Everyone loves seeing a giraffe in motion. Their supple sinuous bodies seem to glide across the African plains whenever their caught in photos, on film or at the movies. But it’s their long sleek serpentine necks that distinguishes them from just about every other form of wildlife. So different, that one needs to ask how that remarkable attribute came to be?

Darwin might have the answer?

Some would assume it came from years and years of evolutionary change that developed due to their foraging diet of dining off treetop vegetation.

However, recent biological research are indicating something in addition to evolution might be at work here.

Unlike some species of long-necked birds, such as egrets, giraffes didn’t grow their necks by adding vertebrae to their cervical spine. Instead, they just stretched out the seven vertebrae they already had.
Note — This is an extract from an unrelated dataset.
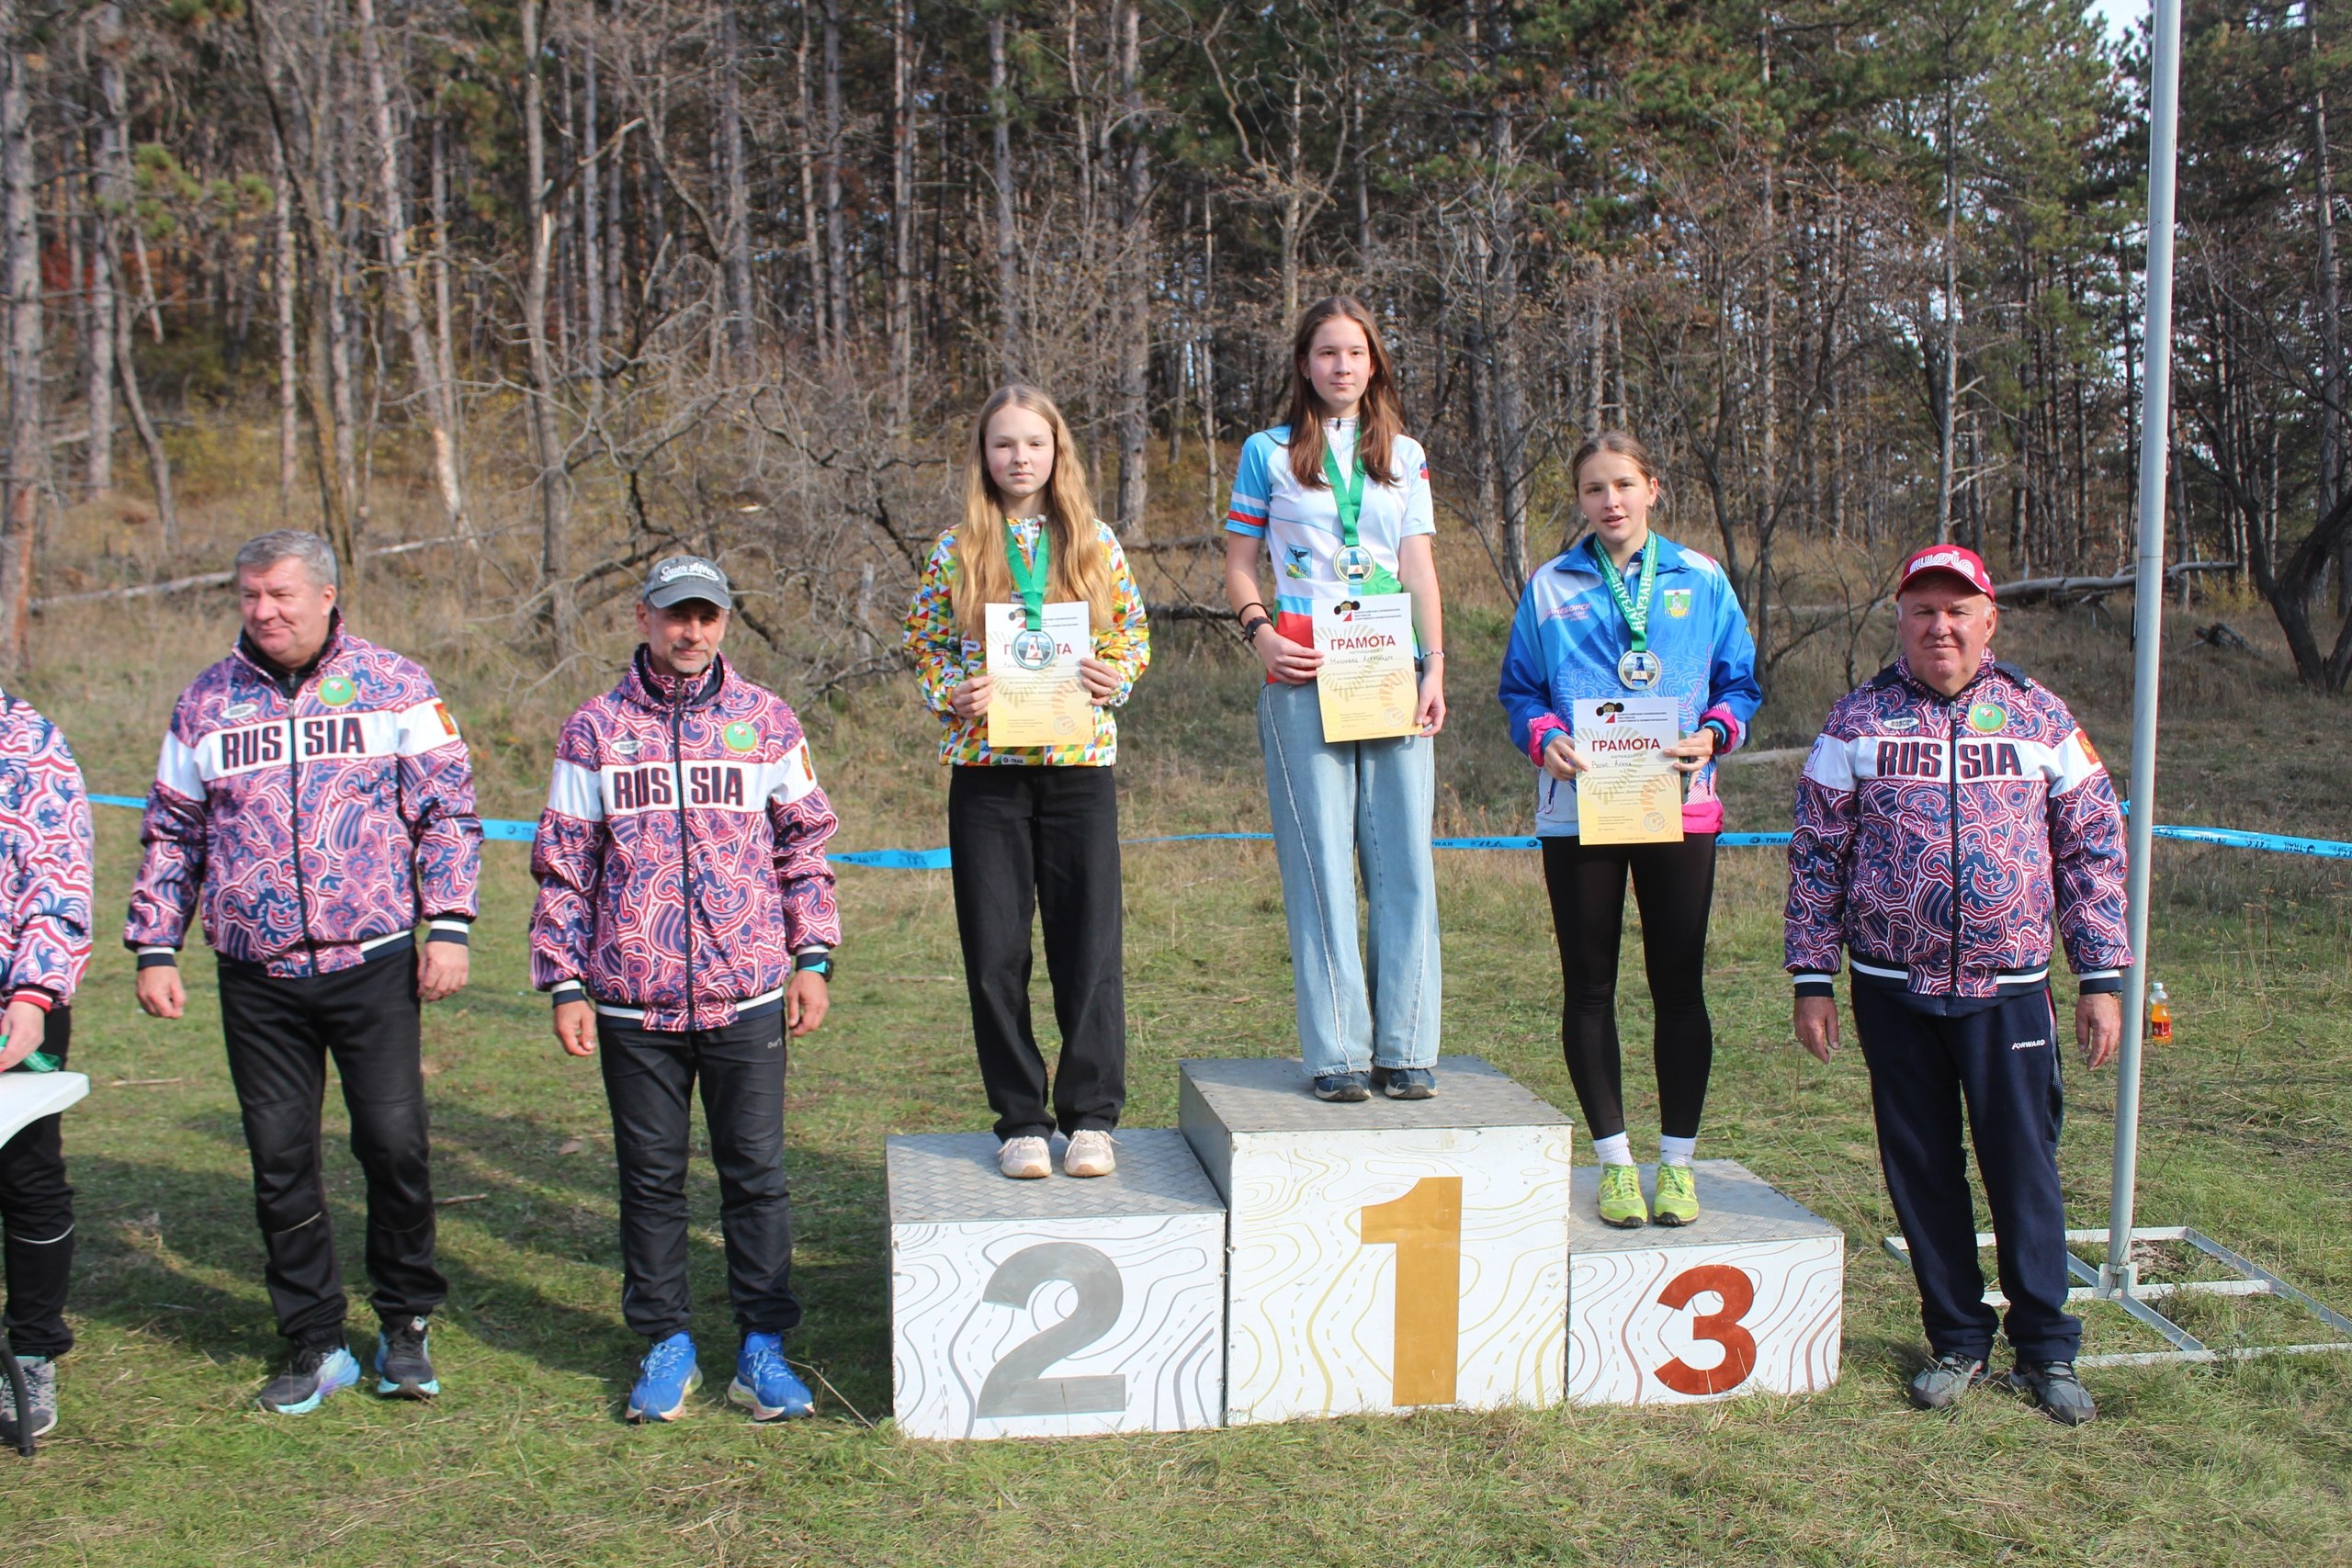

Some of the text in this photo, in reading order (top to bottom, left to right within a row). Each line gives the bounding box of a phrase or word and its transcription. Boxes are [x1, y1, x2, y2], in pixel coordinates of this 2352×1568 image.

And the rapid growth that’s required to make this happen must occur while they’re very young.

Now, on the evolutionary side of things, giraffes had to evolve an oversized left ventricle and reinforced circulatory system to handle the stress of pumping blood almost ten feet straight up to their cerebrums.

Additionally, they also have specialized blood vessels in their craniums that regulate blood flow while bending down for their water intake. Otherwise, their blood pressure would dip every time they took a drink.

Kissing Cousins

Interesting to note, that the giraffes' closest cousin is the ‘okapi.’ Looking closer to a cow-and-zebra hybrid, the okapi has a skeletal make-up that is quite similar to the giraffe.

The one differentiator is of course the neck size. Of the 70 genes that researchers have singled out as adaptions between giraffes and okapi, around half likely play a role coding proteins that regulate skeletal, muscular and nervous system development — all important for producing their notable necks.

However, for giraffes’ necks to grow so long, two critical factors need to be at play. First, the genes that tell the neck when to stop growing need to be turned off, and second, genes that promote continued growth need to be upregulated.

The Secret Sauce . . .

Making up the ‘secret gene pool’ sauce  are four so-called ‘homeboy genes' that come into play during the giraffe’s developmental maturation from embryo to adolescence. This set of genes also have unique adaptions that the researchers think instigate rapid growth in a giraffe's cervical vertebrae.

However, in addition there is another very important gene that’s integral to neck growth. Labeled FGFRL1, this is the one that possesses adaptions unique to giraffes, and is responsible for regulating embryo development, particularly the skeletal and cardiovascular systems.

Can Mice grow Long Necks?

Is it in the cards to alter the neck size of lab mice? Well, since biologists have been able to single out FGFRL1, they are presently in the process of injecting the gene into mice.

While they caution that creating long-necked mice is probably unlikely, they do hope to observe changes in the development of the spine that could clue them in as to how giraffe necks grow. Interesting proposition, don’t you think?